Deine Website lädt zu langsam? Die wichtigsten Hebel von Bildoptimierung über Core Web Vitals bis zum richtigen Hosting — verständlich erklärt.
Ladezeit ist einer der unterschätztesten Faktoren im Web. Sie entscheidet nicht nur über die Nutzererfahrung — sie beeinflusst SEO, Conversion und Umsatz direkt. Amazon hat berechnet, dass jede 100ms Verzögerung 1% Umsatz kostet. Bei kleineren Websites ist der Effekt prozentual ähnlich.
Core Web Vitals verstehen
Google misst die Ladeperformance über drei Metriken, die Core Web Vitals. Sie fließen direkt ins Ranking ein.
- LCP (Largest Contentful Paint): Zeit bis das größte Element sichtbar ist — Ziel: unter 2,5 Sekunden.
- FID / INP (Interaction to Next Paint): Zeit, bis die Seite auf Klicks reagiert — Ziel: unter 200ms.

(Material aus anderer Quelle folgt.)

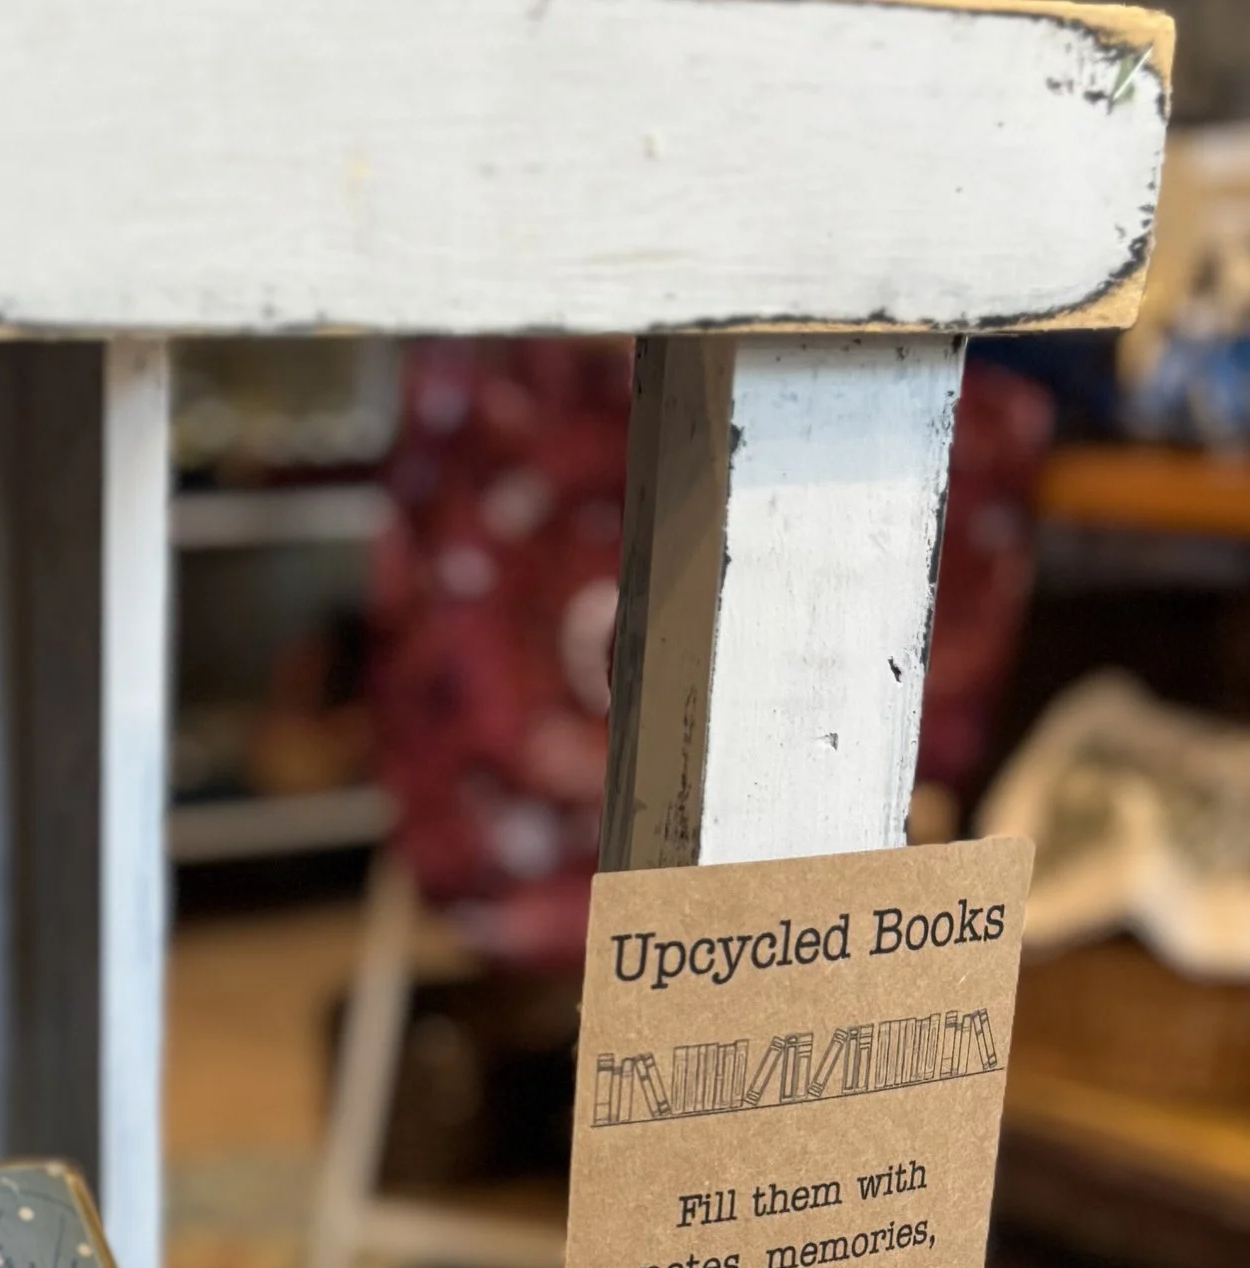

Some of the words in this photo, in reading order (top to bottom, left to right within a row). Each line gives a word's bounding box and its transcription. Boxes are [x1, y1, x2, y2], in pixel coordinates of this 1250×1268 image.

[611, 913, 851, 990] Upcycled
[869, 899, 1005, 956] Books
[676, 1190, 737, 1228] Fill
[752, 1179, 842, 1218] them
[857, 1160, 926, 1199] with

- CLS (Cumulative Layout Shift): Wie stark springt das Layout beim Laden — Ziel: unter 0,1.
Die wichtigsten Hebel
Bilder optimieren
Bilder sind meist die größten Ladezeit-Killer. Nutze moderne Formate (WebP, AVIF), komprimiere vor dem Upload, und setze Lazy Loading für Bilder unter dem Fold. Eine Bildgröße von 500KB statt 4MB macht oft 3 Sekunden Unterschied.
JavaScript reduzieren
Jedes Tracking-Script, jeder Chat-Widget, jede Animation-Library verlangsamt deine Seite. Prüf: Was davon brauchst du wirklich? Tools wie Google Tag Manager lassen sich asynchron laden, viele Scripts kann man auf Interaktion verschieben (Defer).
Caching und CDN
Ein Content Delivery Network wie Cloudflare oder Vercel liefert deine Seite von Servern in der Nähe des Nutzers aus. Kombiniert mit aggressivem Caching sparst du oft 500ms-1s.
Hosting wechseln
Shared Hosting bei günstigen Anbietern ist oft der Flaschenhals. Moderne Jamstack-Hosts wie Vercel oder Netlify liefern statische Seiten in unter 100ms aus — selbst weltweit.

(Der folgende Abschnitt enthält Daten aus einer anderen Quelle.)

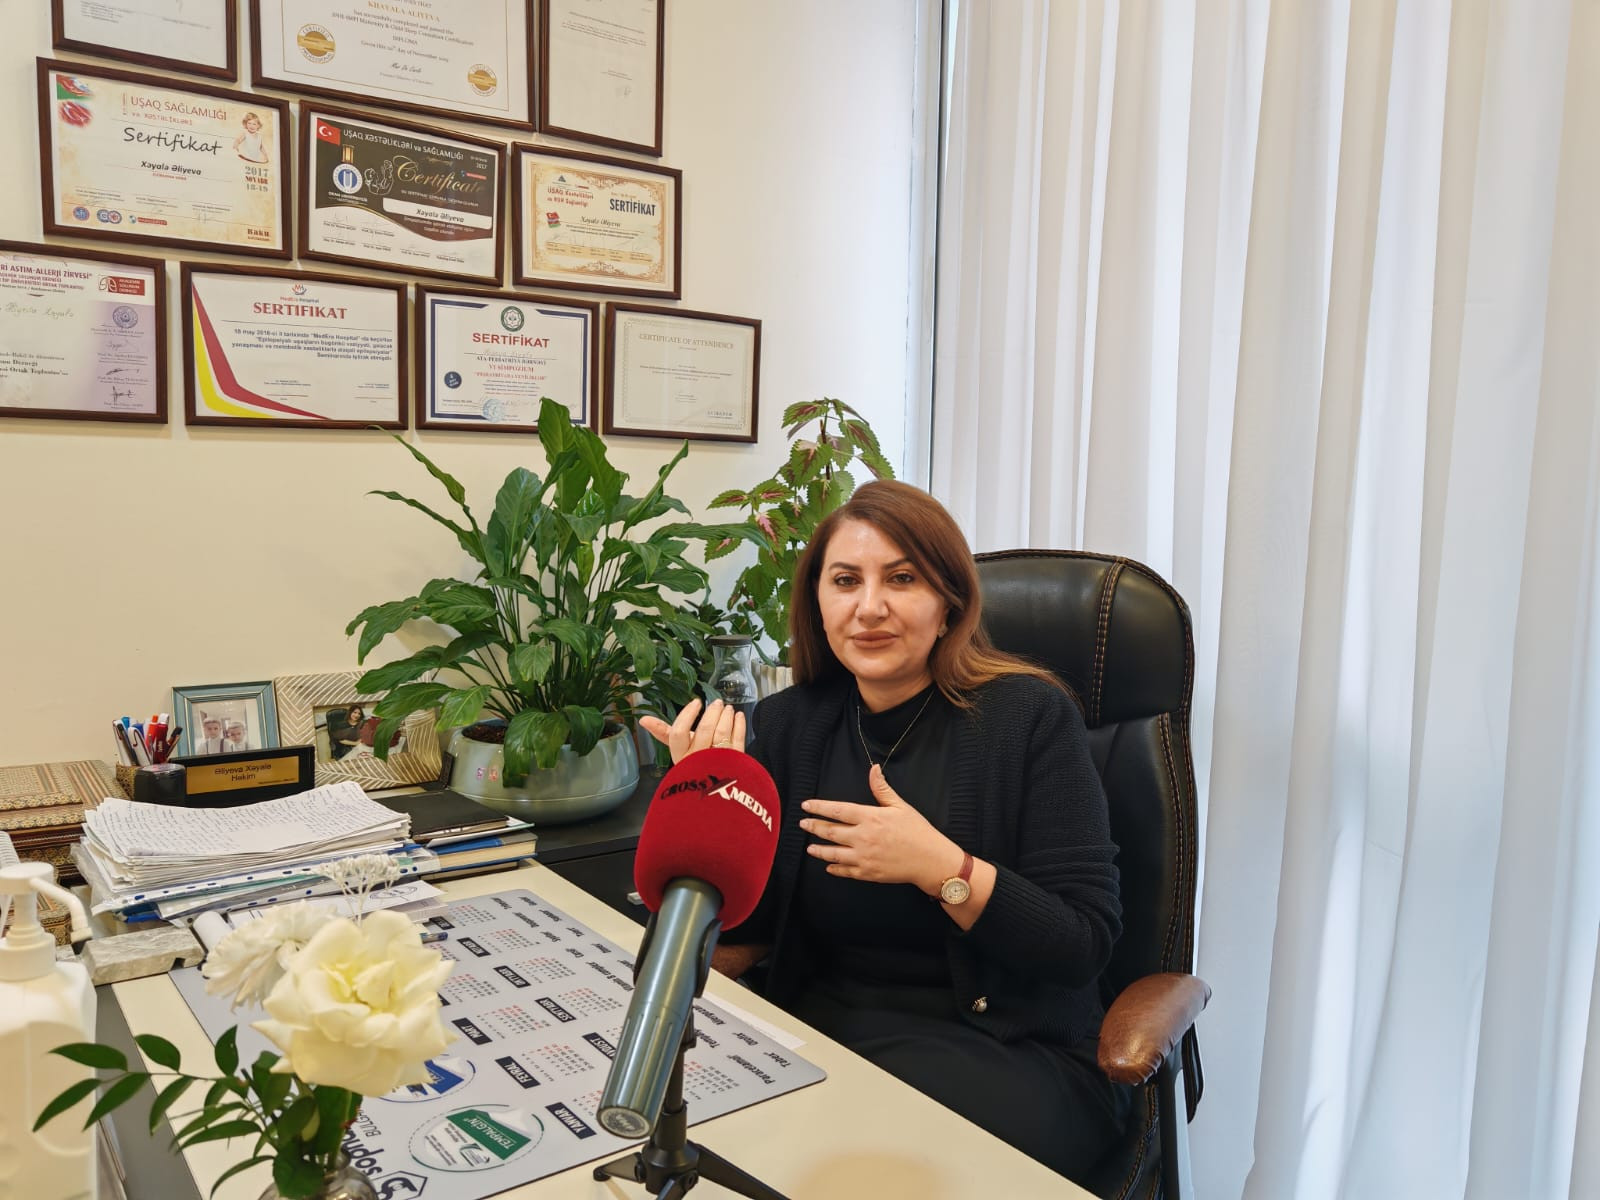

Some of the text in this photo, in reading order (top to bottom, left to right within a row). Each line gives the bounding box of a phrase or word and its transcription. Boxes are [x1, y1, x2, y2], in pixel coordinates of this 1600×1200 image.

[131, 96, 161, 111] UŞAQ
[124, 127, 222, 155] Sertifikat
[245, 166, 269, 177] 2017
[609, 197, 656, 216] SERTİFİKAT
[253, 302, 348, 320] SERTIFIKAT
[472, 333, 550, 349] SERTİFİKAT
[730, 786, 773, 832] MEDIA
[505, 1061, 530, 1083] FEVRAL
[726, 1054, 776, 1083] Paracetamol
[555, 1107, 586, 1133] YANVAR

Code-Splitting und Tree-Shaking
Bei individuell entwickelten Websites (React, Next.js) kann der Bundler den JavaScript-Code in kleine Chunks aufteilen, sodass nur das geladen wird, was auf der aktuellen Seite nötig ist. Das spart oft 50% Transfervolumen.
WordPress-spezifisch
Bei WordPress sind die größten Hebel: Caching-Plugin (WP Rocket, Cloudflare APO), unnötige Plugins deinstallieren, Elementor durch ein leichteres Theme ersetzen, und Datenbank regelmäßig aufräumen.

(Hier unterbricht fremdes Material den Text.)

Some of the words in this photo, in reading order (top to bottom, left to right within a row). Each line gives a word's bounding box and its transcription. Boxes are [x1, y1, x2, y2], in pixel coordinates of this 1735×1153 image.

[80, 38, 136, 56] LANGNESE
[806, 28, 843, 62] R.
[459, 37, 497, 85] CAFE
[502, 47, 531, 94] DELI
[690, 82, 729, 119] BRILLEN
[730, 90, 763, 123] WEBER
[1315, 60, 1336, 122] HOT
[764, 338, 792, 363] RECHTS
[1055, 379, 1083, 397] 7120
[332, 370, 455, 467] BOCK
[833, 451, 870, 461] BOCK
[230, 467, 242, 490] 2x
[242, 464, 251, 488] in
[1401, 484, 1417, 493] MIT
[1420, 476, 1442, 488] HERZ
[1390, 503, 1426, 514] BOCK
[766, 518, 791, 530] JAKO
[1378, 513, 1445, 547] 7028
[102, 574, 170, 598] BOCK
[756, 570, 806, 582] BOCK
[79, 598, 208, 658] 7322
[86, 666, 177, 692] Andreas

„Die schnellste Seite ist die, die gar nichts lädt, was sie nicht braucht."
Messen und weitermachen
Teste deine Seite regelmäßig: PageSpeed Insights, WebPageTest und Chrome DevTools sind kostenlos und zeigen dir genau, wo es klemmt. Eine einmal optimierte Seite bleibt nicht automatisch schnell — jede neue Funktion, jedes neue Bild kann wieder Ballast bringen.